**Task objective:** Exact copy, no pictures: return all the data below as written.

**Task inputs:**
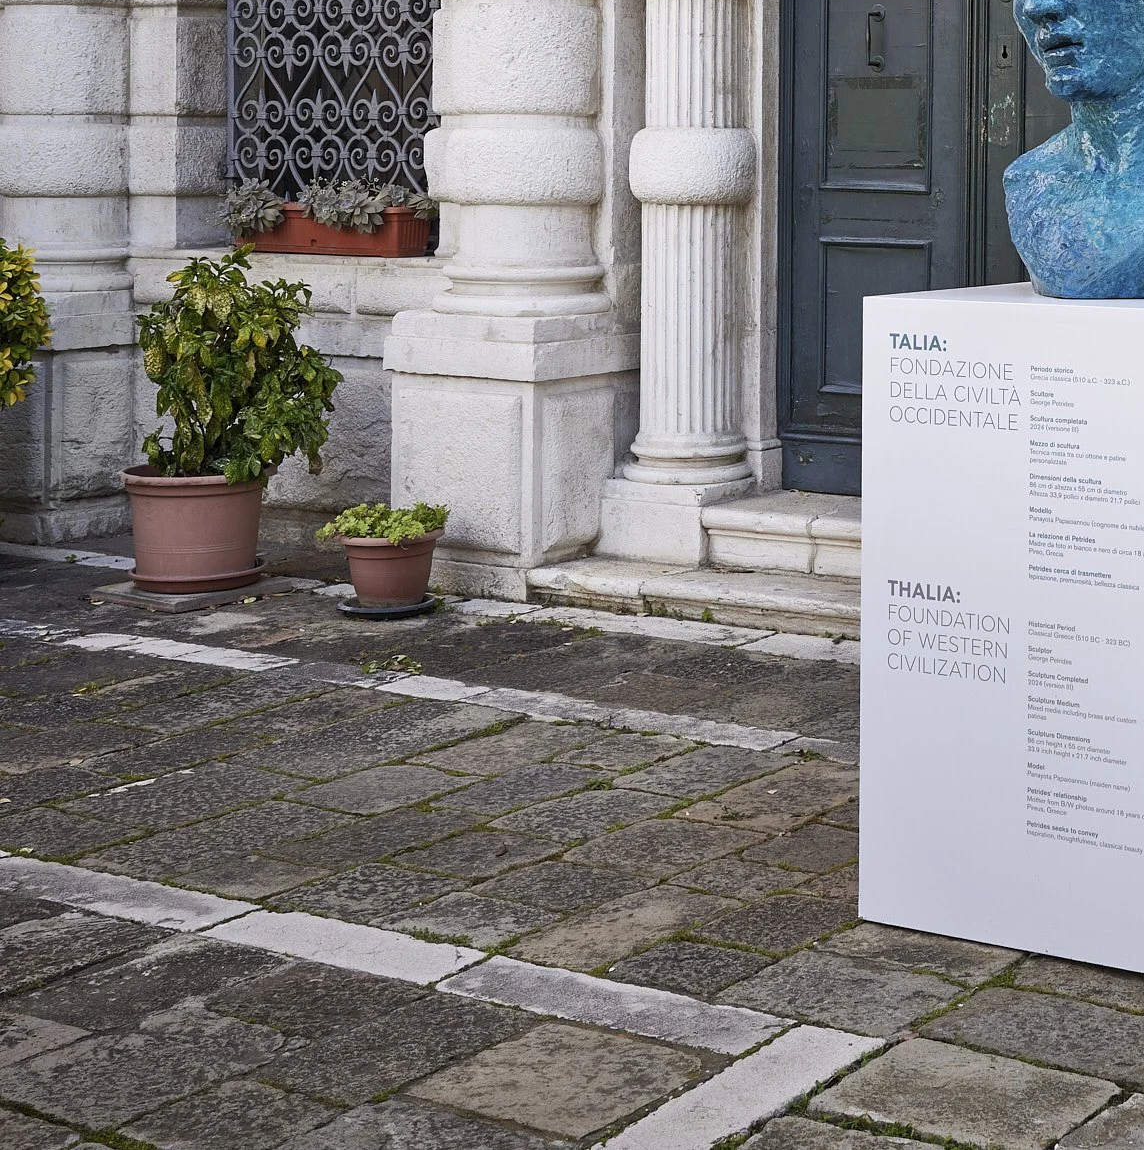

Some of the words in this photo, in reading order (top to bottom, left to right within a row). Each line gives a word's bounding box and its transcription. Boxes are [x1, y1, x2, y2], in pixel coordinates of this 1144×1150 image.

[889, 333, 947, 352] TALIA:
[890, 357, 1013, 381] FONDAZIONE
[890, 381, 948, 401] DELLA
[954, 385, 1021, 406] CIVILTÀ
[1030, 390, 1054, 398] Scultore
[889, 406, 1018, 431] OCCIDENTALE
[1030, 473, 1061, 482] Dimensioni
[1029, 506, 1052, 514] Modello
[1072, 535, 1096, 543] Petrides
[1029, 564, 1052, 573] Petrides
[888, 580, 961, 604] THALIA:
[888, 604, 1010, 634] FOUNDATION
[1028, 620, 1056, 629] Historical
[1057, 623, 1076, 631] Period
[888, 628, 912, 646] OF
[918, 632, 1008, 659] WESTERN
[888, 653, 1006, 684] CIVILIZATION
[1028, 670, 1056, 680] Sculpture
[1057, 674, 1089, 684] Completed
[1027, 695, 1056, 705] Sculpture
[1057, 699, 1080, 708] Medium
[1027, 729, 1055, 738] Sculpture
[1056, 733, 1091, 743] Dimensions
[1027, 762, 1045, 770] Model
[1026, 820, 1050, 830] Petrides
[1078, 830, 1099, 838] convey
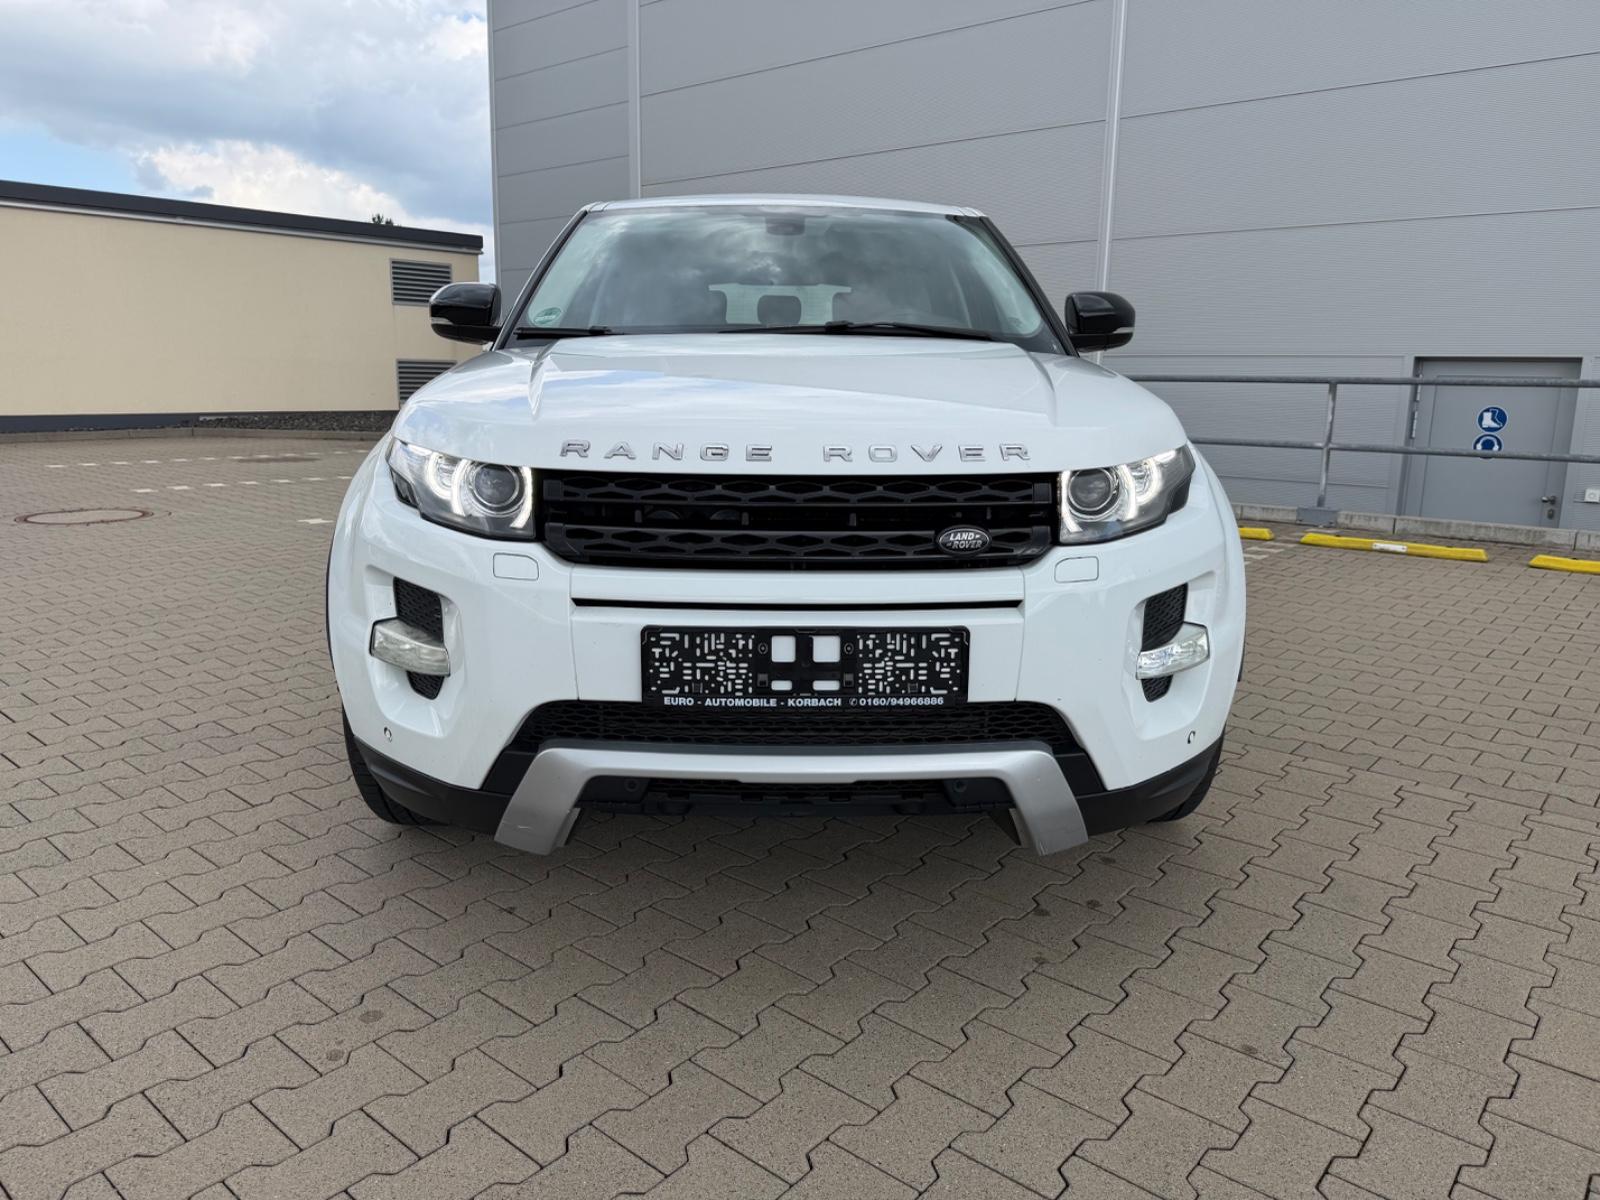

**Worked solution:**
Some of the words in this photo, in reading order (top to bottom, left to right within a row). Each line gives a word's bounding box and its transcription. Boxes are [x1, y1, x2, y2], in pixel coordinates of this 1144×1150 image.

[889, 333, 947, 352] TALIA:
[890, 357, 1013, 381] FONDAZIONE
[890, 381, 948, 401] DELLA
[954, 385, 1021, 406] CIVILTÀ
[1030, 390, 1054, 398] Scultore
[889, 406, 1018, 431] OCCIDENTALE
[1030, 473, 1061, 482] Dimensioni
[1029, 506, 1052, 514] Modello
[1072, 535, 1096, 543] Petrides
[1029, 564, 1052, 573] Petrides
[888, 580, 961, 604] THALIA:
[888, 604, 1010, 634] FOUNDATION
[1028, 620, 1056, 629] Historical
[1057, 623, 1076, 631] Period
[888, 628, 912, 646] OF
[918, 632, 1008, 659] WESTERN
[888, 653, 1006, 684] CIVILIZATION
[1028, 670, 1056, 680] Sculpture
[1057, 674, 1089, 684] Completed
[1027, 695, 1056, 705] Sculpture
[1057, 699, 1080, 708] Medium
[1027, 729, 1055, 738] Sculpture
[1056, 733, 1091, 743] Dimensions
[1027, 762, 1045, 770] Model
[1026, 820, 1050, 830] Petrides
[1078, 830, 1099, 838] convey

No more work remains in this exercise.